- What the exercise asks -
When a picture appears among the records, leave it out, and copy all else exactly.

(Dataset items)
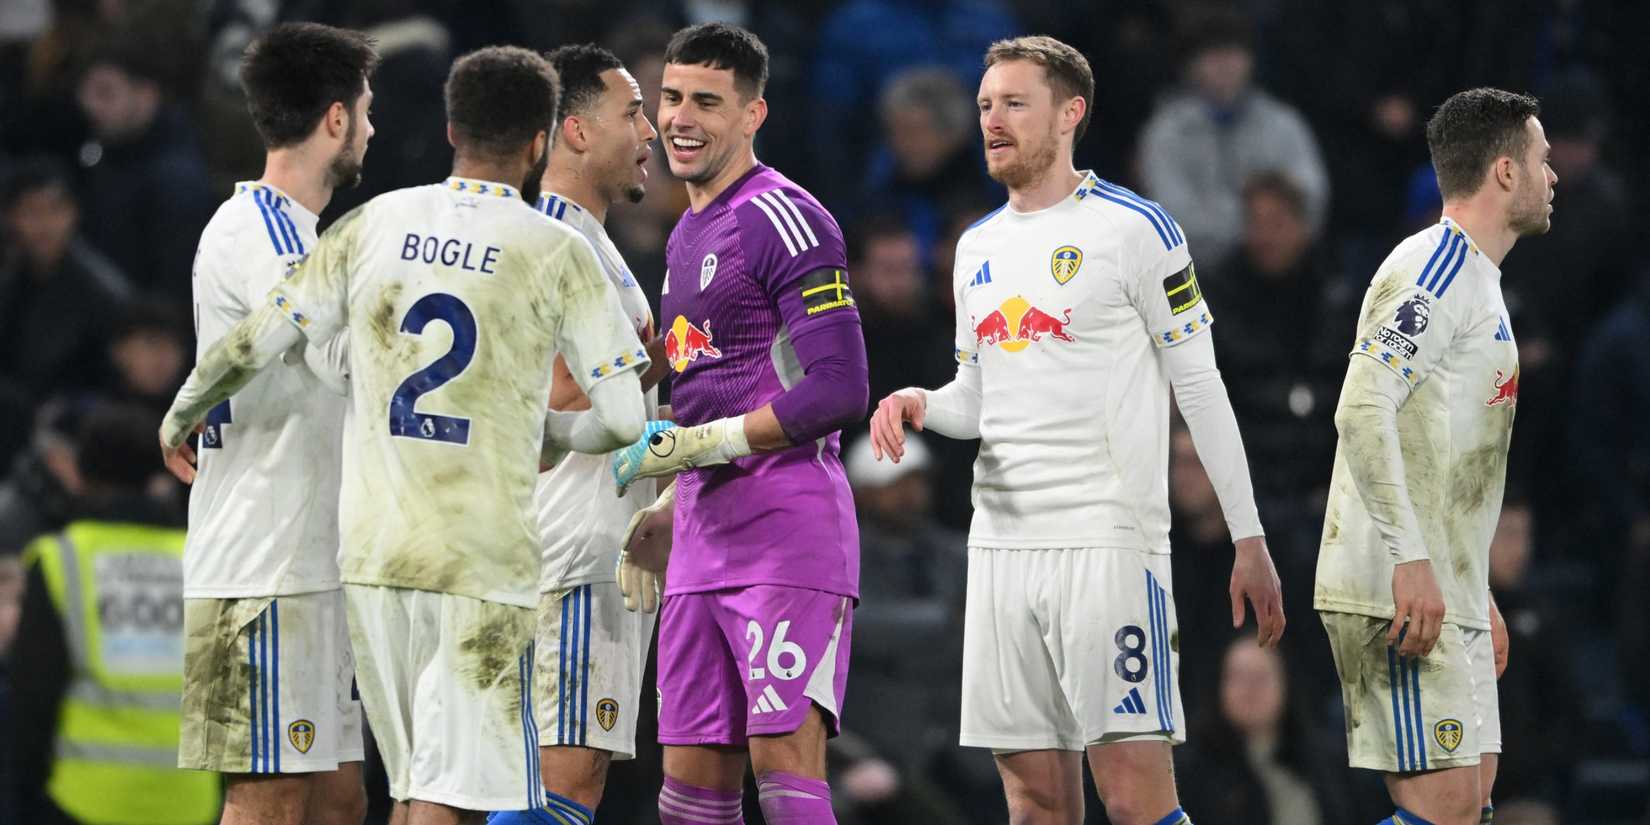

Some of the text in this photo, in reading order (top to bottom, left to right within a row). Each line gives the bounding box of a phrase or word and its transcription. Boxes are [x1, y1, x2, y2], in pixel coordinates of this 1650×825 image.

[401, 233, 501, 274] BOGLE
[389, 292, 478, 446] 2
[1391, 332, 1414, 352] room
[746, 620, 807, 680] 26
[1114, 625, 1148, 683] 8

- Response to this task -
Some of the text in this photo, in reading order (top to bottom, left to right within a row). Each line gives the bounding box of a phrase or word and its transcription. Boxes are [x1, y1, x2, y2], in pixel coordinates of this 1650×825 image.

[401, 233, 501, 274] BOGLE
[389, 292, 478, 446] 2
[1391, 332, 1414, 352] room
[746, 620, 807, 680] 26
[1114, 625, 1148, 683] 8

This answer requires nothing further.